Huhh..puas-puaslah kau tertawa Sivia. Akan ku buktikan kalau aku bisa! Tapi, bagaimana caranya?
Sivia menghentikan tawanya, dan merangkulku hangat. "Udahlah, jangan dipikirin! Gue bercanda kok. Serius deh! Gue ikutan seneng karena akhirnya, elo punya peluang lebih besar untuk deket sama Rio!" ucapnya tulus.
Aku menggeleng lemah. Entah mengapa, tantangan (ya meskipun ini hanya dari sudut pandangku saja, menganggap pernyataan Sivia tentang "ngobrol dengan Rio" itu adalah sebuah tangtangan) Sivia bergelayut dalam pikiranku.
"Ngga', Vi! Elo bener," aku mendesah panjang. "Udah lama gue naksir Rio, dari suka biasa sampe..entah ini cinta atau apa," aku mengedikan bahuku lemah, "gue sama sekali belum pernah ngobrol sama Rio. Kecuali teguran secara nggak sengaja kalau kita lagi papasan, kali." Aku mengedikkan bahu untuk kedua kalinya sembari menghela nafas. "Dan itu pun cuman sekedar saling lempar senyum, no more.."
"Heii, Al! Sejak kapan sih, elo jadi lemah gini? Ayolah semangat! Elo bakalan melewati 3 hari berkesan sama Mario sebentar lagi.

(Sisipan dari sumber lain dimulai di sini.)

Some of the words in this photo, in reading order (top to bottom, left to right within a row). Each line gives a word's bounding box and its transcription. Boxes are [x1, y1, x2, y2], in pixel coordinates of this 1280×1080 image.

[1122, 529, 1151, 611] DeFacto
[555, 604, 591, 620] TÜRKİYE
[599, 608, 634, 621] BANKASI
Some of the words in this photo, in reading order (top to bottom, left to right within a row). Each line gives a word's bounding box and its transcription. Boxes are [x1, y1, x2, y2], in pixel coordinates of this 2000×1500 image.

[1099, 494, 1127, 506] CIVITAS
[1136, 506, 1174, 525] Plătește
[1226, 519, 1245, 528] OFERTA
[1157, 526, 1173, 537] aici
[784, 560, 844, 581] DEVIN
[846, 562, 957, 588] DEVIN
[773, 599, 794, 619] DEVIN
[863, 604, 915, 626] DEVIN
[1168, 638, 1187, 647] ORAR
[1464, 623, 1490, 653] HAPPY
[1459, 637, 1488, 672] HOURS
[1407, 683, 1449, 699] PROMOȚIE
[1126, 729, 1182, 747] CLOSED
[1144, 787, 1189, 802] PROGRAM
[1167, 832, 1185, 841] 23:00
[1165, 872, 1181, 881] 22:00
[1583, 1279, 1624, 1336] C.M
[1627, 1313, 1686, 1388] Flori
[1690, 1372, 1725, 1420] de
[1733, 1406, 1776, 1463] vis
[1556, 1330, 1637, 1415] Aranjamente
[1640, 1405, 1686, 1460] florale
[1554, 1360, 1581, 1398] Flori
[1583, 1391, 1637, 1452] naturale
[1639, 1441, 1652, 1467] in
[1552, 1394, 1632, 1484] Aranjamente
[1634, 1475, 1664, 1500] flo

Dan cuman elo sendiri yang nentuin, kesan baik atau kesan buruk yang bakal tercipta."
Ahhh...Sivia..aku padamu! Dia memang selalu bisa di andalkan. Dan aku suka itu.

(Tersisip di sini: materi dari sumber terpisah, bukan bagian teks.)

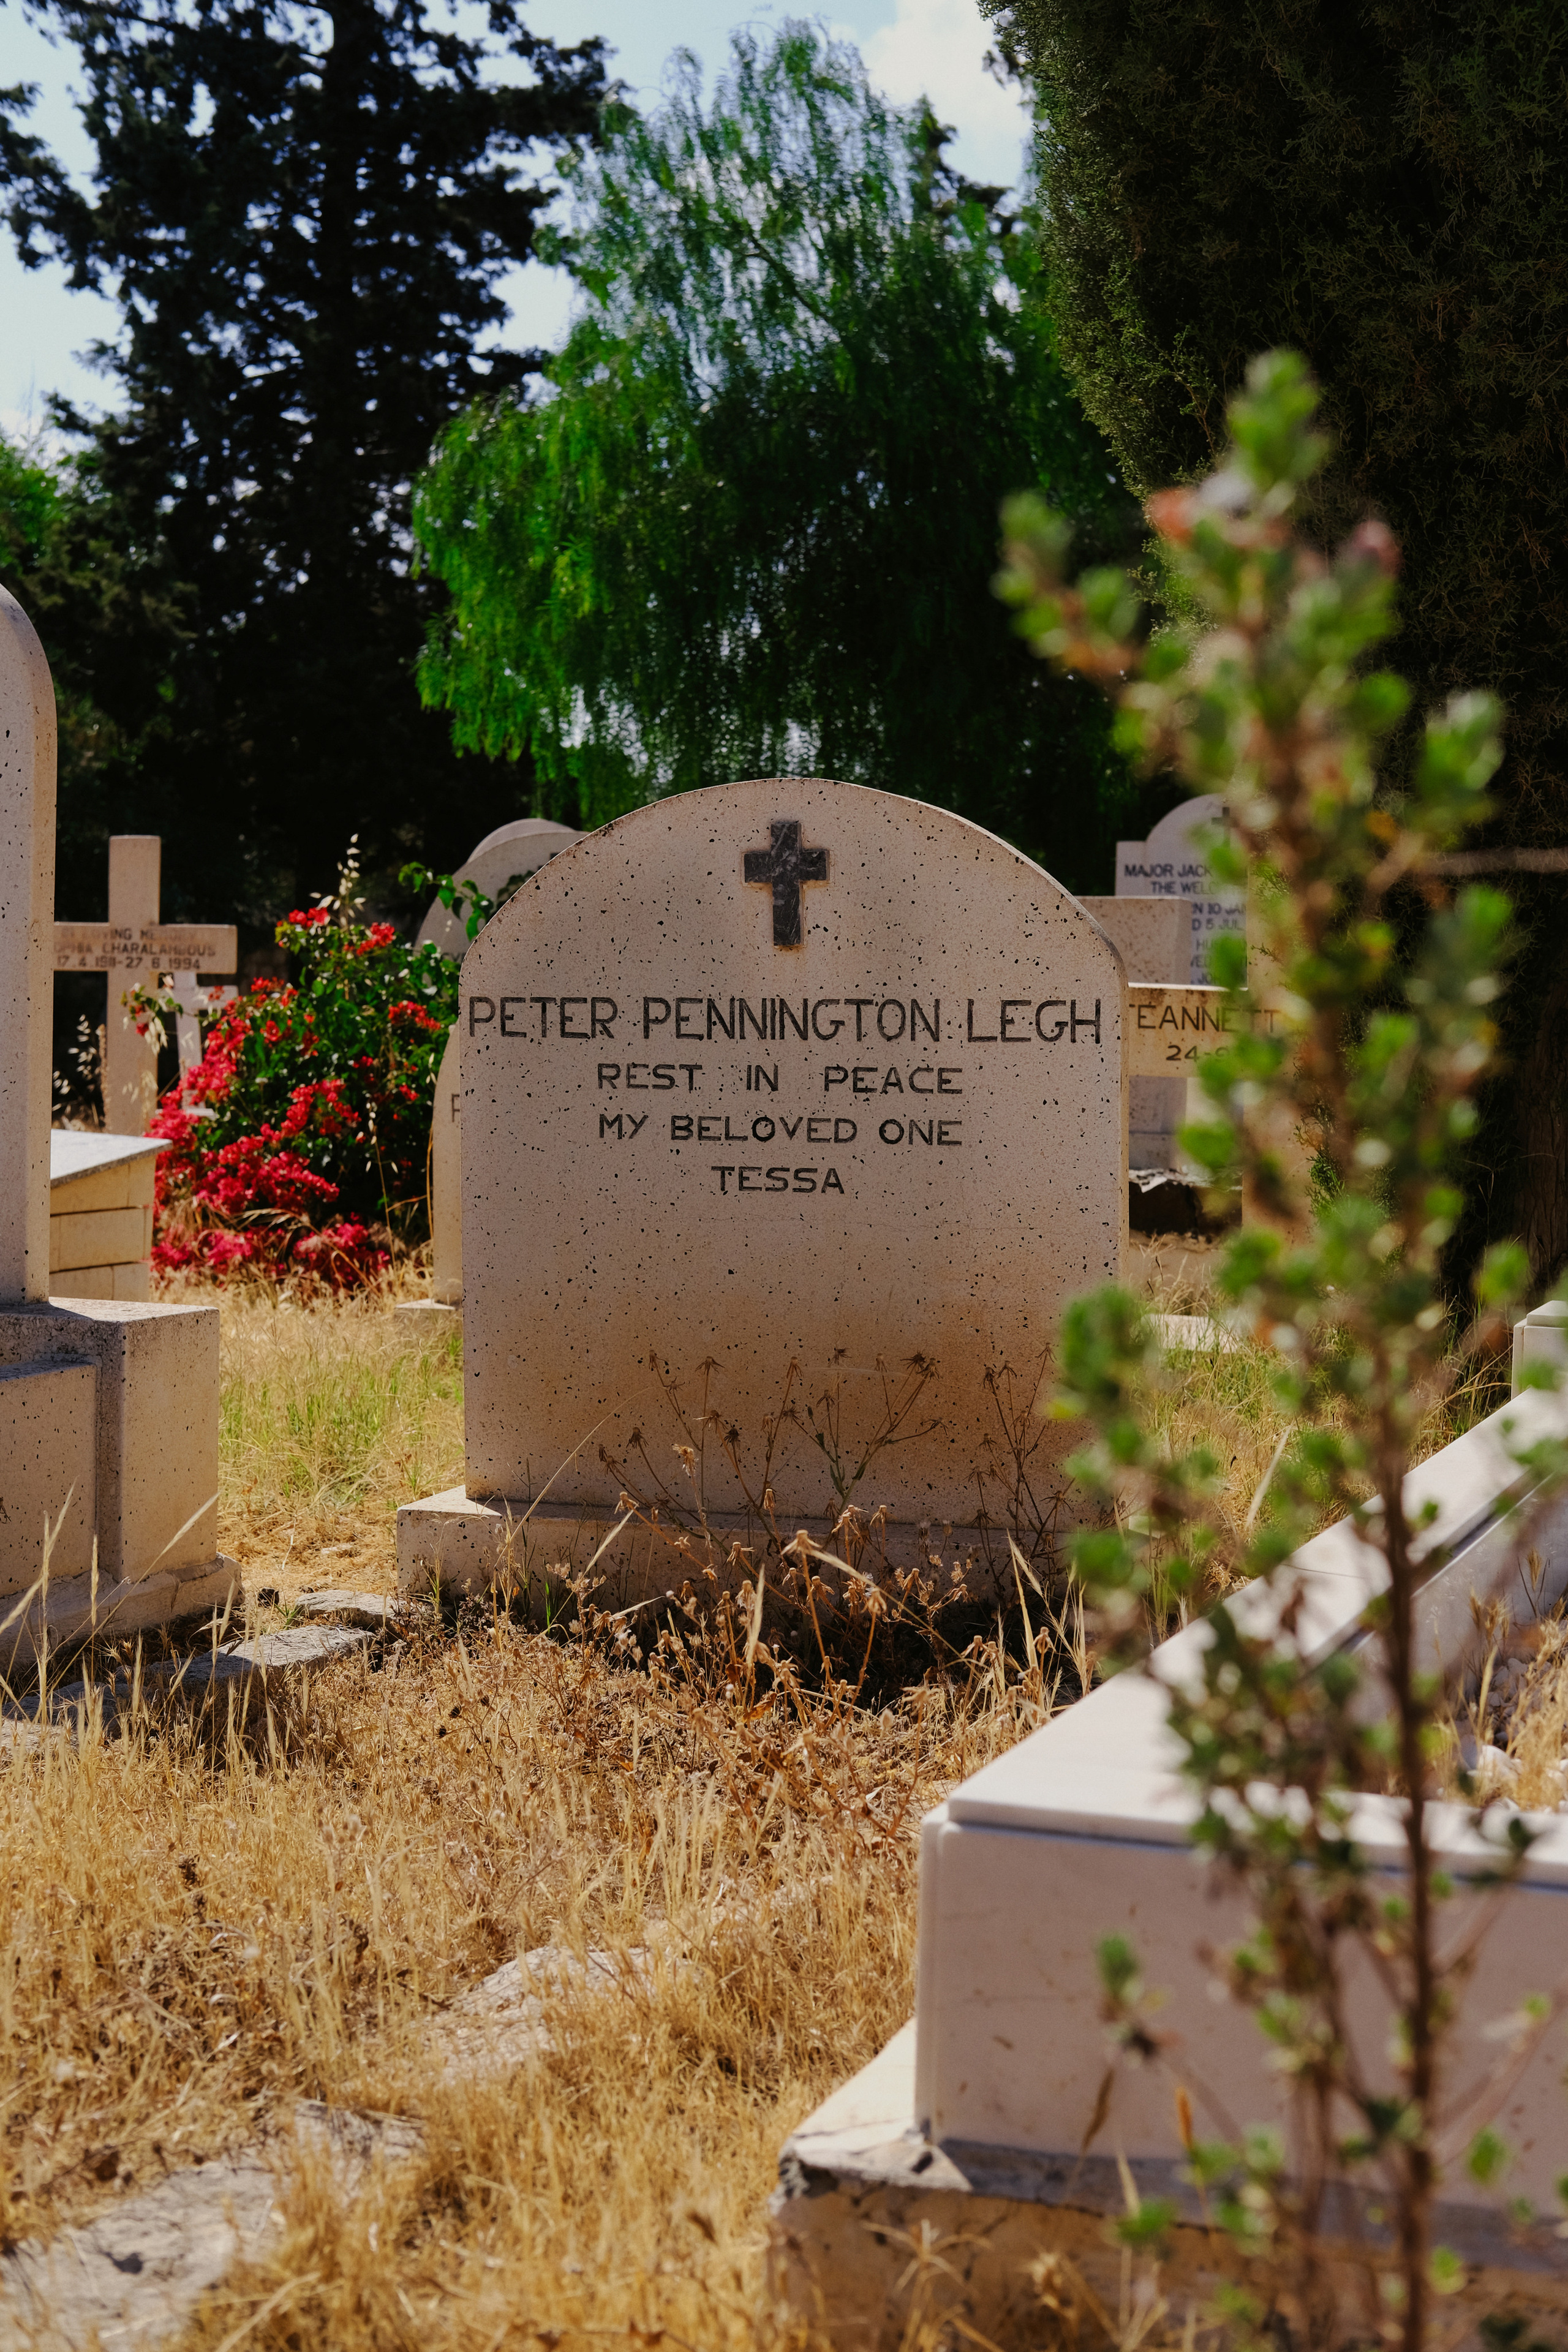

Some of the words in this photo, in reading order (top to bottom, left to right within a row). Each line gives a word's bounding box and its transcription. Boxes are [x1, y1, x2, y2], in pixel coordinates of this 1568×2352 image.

[1125, 863, 1174, 878] MAJOR
[1150, 881, 1177, 894] THE
[469, 996, 618, 1039] PETER
[643, 997, 940, 1042] PENNINGTON
[967, 998, 1101, 1044] LEGH
[597, 1062, 703, 1091] REST
[745, 1063, 779, 1092] IN
[824, 1064, 963, 1095] PEACE
[598, 1114, 649, 1140] MY
[670, 1114, 858, 1144] BELOVED
[878, 1118, 962, 1146] ONE
[710, 1166, 845, 1194] TESSA

"Thanks Vi! You're the best, everything for me.." ucapku sambil memeluknya.
Huhuhuuu..ini benar-benar mengharukan. Di saat aku tidak mempunyai kepopuleran semacam Shilla -cewek cantik yang juga model. Namanya sering bolak-balik mengisi lembaran tabloid sekolahku- yang punya banyak fans terutama dari kaum adam, aku masih memiliki (meskipun satu! Hihii) Sivia yang paling mengerti aku. Sahabatku, belahan jiwaku! It's you, Sivia!
Dengan bergandengan tangan, kami mulai melangkah menyusuri lorong-lorong kelas yang masih ramai dengan siswa/i sekolahku. Membahas Mario -karena aku lah yang paling mendominasi topik pembicaraan kali ini- tanpa bosan.

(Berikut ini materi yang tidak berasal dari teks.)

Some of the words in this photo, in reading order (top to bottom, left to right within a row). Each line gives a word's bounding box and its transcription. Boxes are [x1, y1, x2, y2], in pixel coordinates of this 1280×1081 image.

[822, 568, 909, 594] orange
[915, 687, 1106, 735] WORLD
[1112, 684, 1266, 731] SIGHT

"Yaa..gue sih nyaranin, elo ngga' perlu neko-neko lah buat narik perhatiannya Rio. Just be your self, be the best with your self!" pesan Sivia, dengan mempertegas kalimat berbahasa inggrisnya yang ia selipkan di akhir kalimat.
"Owkay! Lo tau?" Sivia menggeleng dengan alis terangkat. "Meskipun elo cuek pake banget, tapi gue nggak pernah ngerasa salah orang kalau curhat sama lo! Gue doain elo langgeng deh yah sama Alvin."
Sivia tersenyum malu kemudian...aww dia mencubit pinggangku saudara-saudara!
"Aww! Sakit, Vi! Anarkis banget sih!" seruku setengah meringis. Sivia tak ambil pusing. Gadis cantik berambut sebahu itu justru melangkah lebih dulu sambil tertawa puas.
Siviaaaa...i wanna kill youuu..errr!
***
3 hari setelah aku menerima surat pemberitahuan -tentang siapa pendampingku dalam penataran di Cibubur- tersebut, aku masih belum menemui Mario meski hanya untuk sekedar berbasa-basi. Aku terlalu berharap kalau Mario lah yang akan datang menemuiku terlebih dahulu, dan mendiskuskikan banyak hal denganku.
Ahh, come on, Ify...jangan bermimpi!
"Gue aja kali yah, yang nyamperin dia duluan. Kan utusan sekolah itu gue, dia cuman pendamping." aku berpikir dengan keras, kemudian mengangguk mantap. "Yeah! Intinya, disini gue yang perlu dia, jadi gue yang harus nyamperin dia. Okay, Al! Fighting!" aku menyemangati diriku sendiri.
Setelah merasa yakin dengan keputusanku, aku segera melangkah menuju lapangan basket sekolah. Aku tau dia sedang disana, karena basket adalah hoby nya. Dan sudah -seperti- menjadi hal wajib baginya, untuk menghabiskan waktu pada jam istirahat kedua dengan bermandikan keringat! Baca, bermain basket.
Entah kurang beruntung, atau memang sedang sial (hemm..sepertinya, makna dari dua kalimat itu sama sekali tidak berbeda), bukan gerakan indahnya saat ber-freestyle ria dengan bola basketnya yang ku lihat, justru adegan me-ngelap keringat yang tersaji dihadapanku saat ini. Ohh dear...Shilla sedang menyeka mesra (well, ini dari sudut pandangku) keringat yang mengalir di kening ahh entahlah, jarak yang agak jauh membuatku tidak bisa memastikan, entah bagian kening atau pelepis Andrean yang sedang berkeringat.
"Ify?"
Aku terkesiap saat mendengar Mario mengucapkan nama ku dengan nada bertanya.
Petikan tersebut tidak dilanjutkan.